Cheetah Don't Overheat During Hunts
Study finds that contrary to popular opinion, cheetah don't overheat during hunts. But their body temperature rises after successful hunts due to stress that another predator may seize their prey.
In a 4,500 hectare cheetah rehabilitation camp in the middle of Namibia, researchers observe the large, spotted carnivores as they readjust to wild life. This week one such researcher, physiologist Robyn Hetem from the University of the Witwatersrand Medical School, used her observations to disprove a theory about cheetah that has been treated as common knowledge for decades, that a cheetah’s running speed causes its body to overheat while hunting.
Less than 40 percent of cheetah hunts end successfully. Most of the time they stalk and chase but don't catch, even when the prey is within striking distance. Countless safari guides and animal fact websites state that cheetah give up the hunt because their bodies overheat. But we now know that isn't true.
After hunting, cheetah lie in the shade, Hetem said, panting, sometimes for more than an hour, and they seem completely exhausted. The overheating "fact" that many safari guides share is based on a 1973 study that showed cheetah stop running when their body temperature reached 40.5º C. The researchers assumed this was the reason cheetah stop chasing prey and lie down for a rest. But that study didn't simulate natural conditions, it placed cheetah on a treadmill to run for two kilometers at a medium speed, an unrealistic comparison to a real hunt.
"That study was amazing for its time," Hetem said. "But it didn't actually answer the question."
Hetem and her research team implanted two sensors, one for temperature and one to monitor activity, into six cheetah in the Namibian rehabilitation camp. Then, over the course of months, monitored the temperature readings during hunting activities.
It turns out cheetah don’t overheat while stalking and running after prey, in fact, they don’t heat up at all.
"We were definitely surprised," Hetem said. A cheetah's body temperature after the chase is the same as its mean daily body temperature, 38.4ºC.

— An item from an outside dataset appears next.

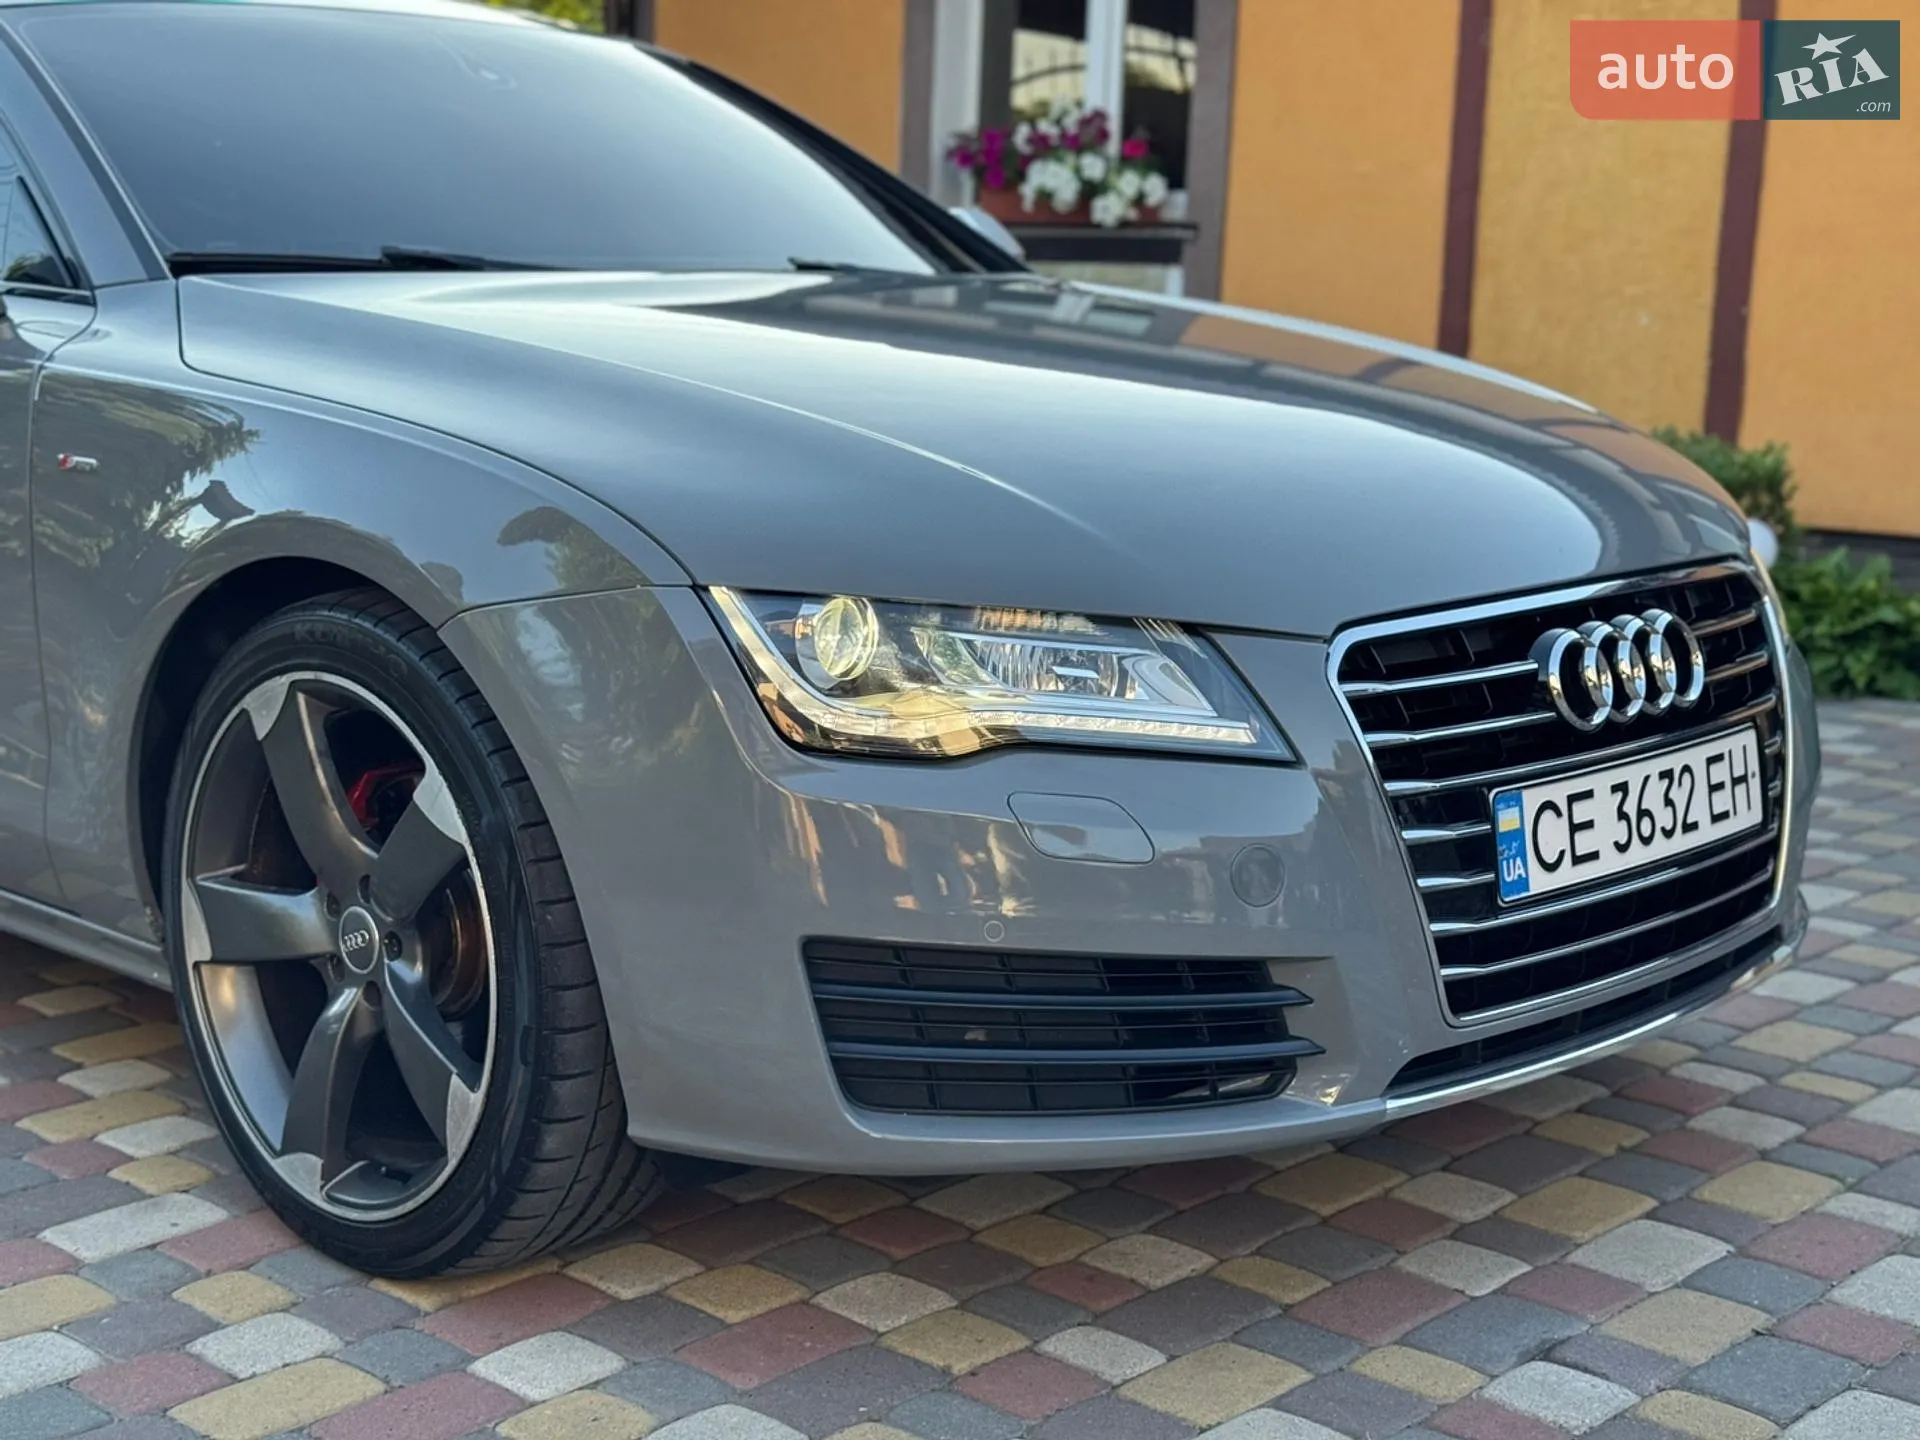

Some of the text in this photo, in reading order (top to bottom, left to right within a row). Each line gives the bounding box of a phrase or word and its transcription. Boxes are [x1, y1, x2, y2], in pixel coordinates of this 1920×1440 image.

[1531, 743, 1752, 873] CE 3632 EH
[1502, 857, 1527, 882] UA

Hetem’s study, published in Biology Letters, states "the supposed thermal limit to exercise of 40.5º C appeared irrelevant in these free-living cheetah."
If overheating doesn't explain the failed hunting attempts, what does? Hetem said it is speculation at this point, but one likely culprit is lactic acid build-up in muscles. Just like humans, when cheetah turn on the speed, the muscles tire quickly.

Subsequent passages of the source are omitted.